=== Begin Enclosure ===
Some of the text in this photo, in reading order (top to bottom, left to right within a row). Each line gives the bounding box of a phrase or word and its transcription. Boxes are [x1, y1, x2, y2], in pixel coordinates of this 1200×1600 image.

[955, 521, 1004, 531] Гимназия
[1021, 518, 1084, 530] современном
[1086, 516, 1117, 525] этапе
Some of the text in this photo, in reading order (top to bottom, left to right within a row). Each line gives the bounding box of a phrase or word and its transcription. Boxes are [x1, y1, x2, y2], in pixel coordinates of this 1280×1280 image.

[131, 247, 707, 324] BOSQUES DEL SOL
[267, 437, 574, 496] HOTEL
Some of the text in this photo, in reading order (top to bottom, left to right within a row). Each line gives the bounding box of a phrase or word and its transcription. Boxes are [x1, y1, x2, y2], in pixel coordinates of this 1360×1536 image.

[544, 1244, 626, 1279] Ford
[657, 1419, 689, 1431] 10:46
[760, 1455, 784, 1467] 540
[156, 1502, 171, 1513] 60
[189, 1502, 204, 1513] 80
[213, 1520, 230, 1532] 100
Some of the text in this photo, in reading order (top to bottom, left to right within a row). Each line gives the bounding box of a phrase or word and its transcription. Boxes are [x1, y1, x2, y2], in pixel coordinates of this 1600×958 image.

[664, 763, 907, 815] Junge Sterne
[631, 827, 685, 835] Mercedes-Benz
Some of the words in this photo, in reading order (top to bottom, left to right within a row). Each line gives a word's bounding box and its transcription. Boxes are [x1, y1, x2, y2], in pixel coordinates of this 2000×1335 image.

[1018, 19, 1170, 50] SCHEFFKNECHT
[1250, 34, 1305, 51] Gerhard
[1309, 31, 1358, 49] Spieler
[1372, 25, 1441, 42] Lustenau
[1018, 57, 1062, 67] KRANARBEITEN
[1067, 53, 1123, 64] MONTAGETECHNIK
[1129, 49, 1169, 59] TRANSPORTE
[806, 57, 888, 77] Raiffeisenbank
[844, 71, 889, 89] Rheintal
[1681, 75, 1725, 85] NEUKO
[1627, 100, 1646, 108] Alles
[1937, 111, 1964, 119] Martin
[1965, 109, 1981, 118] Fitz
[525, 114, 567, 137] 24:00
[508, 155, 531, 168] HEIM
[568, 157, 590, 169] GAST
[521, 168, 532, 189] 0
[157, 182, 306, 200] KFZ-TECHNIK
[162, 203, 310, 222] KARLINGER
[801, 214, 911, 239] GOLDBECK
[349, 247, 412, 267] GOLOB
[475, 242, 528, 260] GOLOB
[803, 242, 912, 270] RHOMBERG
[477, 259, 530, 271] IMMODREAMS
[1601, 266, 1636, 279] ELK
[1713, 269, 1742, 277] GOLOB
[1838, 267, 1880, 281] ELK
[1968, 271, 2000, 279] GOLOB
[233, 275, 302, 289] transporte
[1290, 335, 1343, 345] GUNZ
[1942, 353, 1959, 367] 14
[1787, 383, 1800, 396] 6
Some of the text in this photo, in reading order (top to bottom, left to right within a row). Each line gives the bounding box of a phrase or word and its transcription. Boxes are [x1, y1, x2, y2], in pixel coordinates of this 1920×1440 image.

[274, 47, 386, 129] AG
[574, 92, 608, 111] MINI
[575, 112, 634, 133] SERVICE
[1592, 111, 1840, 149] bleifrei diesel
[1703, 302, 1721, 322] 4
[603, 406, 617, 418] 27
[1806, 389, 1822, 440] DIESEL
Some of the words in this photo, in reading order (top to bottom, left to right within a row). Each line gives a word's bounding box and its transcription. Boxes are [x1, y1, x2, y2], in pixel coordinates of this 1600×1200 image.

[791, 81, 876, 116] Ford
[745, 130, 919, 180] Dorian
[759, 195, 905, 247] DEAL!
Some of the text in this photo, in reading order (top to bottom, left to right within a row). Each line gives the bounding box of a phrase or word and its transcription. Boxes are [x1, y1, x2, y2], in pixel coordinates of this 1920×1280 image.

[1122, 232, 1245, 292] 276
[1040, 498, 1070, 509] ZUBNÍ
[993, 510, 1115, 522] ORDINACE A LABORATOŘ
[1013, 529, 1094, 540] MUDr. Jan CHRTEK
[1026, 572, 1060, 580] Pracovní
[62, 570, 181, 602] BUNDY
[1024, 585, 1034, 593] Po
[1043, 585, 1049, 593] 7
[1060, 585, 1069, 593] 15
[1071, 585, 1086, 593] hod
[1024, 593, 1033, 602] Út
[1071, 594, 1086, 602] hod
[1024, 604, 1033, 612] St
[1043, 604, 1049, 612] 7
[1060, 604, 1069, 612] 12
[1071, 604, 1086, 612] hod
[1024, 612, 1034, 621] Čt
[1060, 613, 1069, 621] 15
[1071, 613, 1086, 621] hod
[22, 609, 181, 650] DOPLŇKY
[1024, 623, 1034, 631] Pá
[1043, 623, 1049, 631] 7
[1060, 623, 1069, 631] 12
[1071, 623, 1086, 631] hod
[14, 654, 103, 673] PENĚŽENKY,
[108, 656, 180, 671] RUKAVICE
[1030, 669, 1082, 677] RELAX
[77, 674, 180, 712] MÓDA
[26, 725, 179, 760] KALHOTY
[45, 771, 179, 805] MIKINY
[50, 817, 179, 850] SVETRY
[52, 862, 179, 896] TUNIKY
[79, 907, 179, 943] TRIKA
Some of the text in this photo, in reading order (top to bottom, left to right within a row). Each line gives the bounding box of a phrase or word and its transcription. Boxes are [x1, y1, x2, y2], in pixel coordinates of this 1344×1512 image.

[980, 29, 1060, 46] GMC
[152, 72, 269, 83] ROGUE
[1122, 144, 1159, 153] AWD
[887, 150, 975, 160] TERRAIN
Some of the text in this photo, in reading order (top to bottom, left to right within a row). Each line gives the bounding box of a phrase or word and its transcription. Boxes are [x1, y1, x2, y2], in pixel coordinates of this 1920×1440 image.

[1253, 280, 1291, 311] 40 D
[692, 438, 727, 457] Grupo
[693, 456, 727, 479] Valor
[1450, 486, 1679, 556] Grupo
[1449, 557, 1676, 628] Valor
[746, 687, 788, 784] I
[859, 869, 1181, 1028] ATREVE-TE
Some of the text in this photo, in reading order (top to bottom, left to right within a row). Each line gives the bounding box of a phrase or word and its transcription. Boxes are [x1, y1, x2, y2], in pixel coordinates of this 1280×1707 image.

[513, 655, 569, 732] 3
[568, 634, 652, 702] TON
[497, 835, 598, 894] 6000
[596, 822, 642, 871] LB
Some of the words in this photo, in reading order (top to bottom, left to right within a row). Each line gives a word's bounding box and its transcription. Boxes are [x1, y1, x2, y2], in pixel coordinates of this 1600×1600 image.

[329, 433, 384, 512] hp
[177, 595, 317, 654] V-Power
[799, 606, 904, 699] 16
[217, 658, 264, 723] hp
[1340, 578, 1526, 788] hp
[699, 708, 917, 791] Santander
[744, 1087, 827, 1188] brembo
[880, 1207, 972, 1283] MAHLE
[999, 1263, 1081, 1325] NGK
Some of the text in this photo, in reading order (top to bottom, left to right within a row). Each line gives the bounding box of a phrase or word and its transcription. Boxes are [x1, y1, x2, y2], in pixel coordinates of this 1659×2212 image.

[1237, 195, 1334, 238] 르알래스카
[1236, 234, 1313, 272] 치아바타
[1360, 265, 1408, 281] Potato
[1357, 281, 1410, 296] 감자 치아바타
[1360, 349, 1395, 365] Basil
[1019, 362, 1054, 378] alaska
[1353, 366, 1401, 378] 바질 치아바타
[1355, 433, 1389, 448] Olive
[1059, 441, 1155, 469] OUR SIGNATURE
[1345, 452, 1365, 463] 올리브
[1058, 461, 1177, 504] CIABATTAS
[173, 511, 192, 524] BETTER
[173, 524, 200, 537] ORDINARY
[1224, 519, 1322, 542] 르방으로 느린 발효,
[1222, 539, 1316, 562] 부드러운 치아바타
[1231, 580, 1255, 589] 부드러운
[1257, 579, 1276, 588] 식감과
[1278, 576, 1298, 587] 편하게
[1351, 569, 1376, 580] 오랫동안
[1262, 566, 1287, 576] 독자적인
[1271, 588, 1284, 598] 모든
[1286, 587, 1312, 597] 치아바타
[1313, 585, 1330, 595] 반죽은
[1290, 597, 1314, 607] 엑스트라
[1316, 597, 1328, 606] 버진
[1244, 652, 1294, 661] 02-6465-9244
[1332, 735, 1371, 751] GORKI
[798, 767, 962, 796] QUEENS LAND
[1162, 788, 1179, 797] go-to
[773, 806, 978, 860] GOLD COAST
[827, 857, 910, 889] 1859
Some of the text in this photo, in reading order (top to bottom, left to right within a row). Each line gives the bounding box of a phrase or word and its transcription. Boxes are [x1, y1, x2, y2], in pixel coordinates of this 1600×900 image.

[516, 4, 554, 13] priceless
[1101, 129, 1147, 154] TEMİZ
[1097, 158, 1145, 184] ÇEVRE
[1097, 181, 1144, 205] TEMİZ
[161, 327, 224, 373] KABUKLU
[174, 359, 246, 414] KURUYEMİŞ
=== End Enclosure ===
## TASK DIRECTIONS:
Give again the lines from the line holding "this 1600×900 image." through the close of the listing, both included, exactly as written and with nothing else.

## SOLVED PROBLEM:
Some of the text in this photo, in reading order (top to bottom, left to right within a row). Each line gives the bounding box of a phrase or word and its transcription. Boxes are [x1, y1, x2, y2], in pixel coordinates of this 1600×900 image.

[516, 4, 554, 13] priceless
[1101, 129, 1147, 154] TEMİZ
[1097, 158, 1145, 184] ÇEVRE
[1097, 181, 1144, 205] TEMİZ
[161, 327, 224, 373] KABUKLU
[174, 359, 246, 414] KURUYEMİŞ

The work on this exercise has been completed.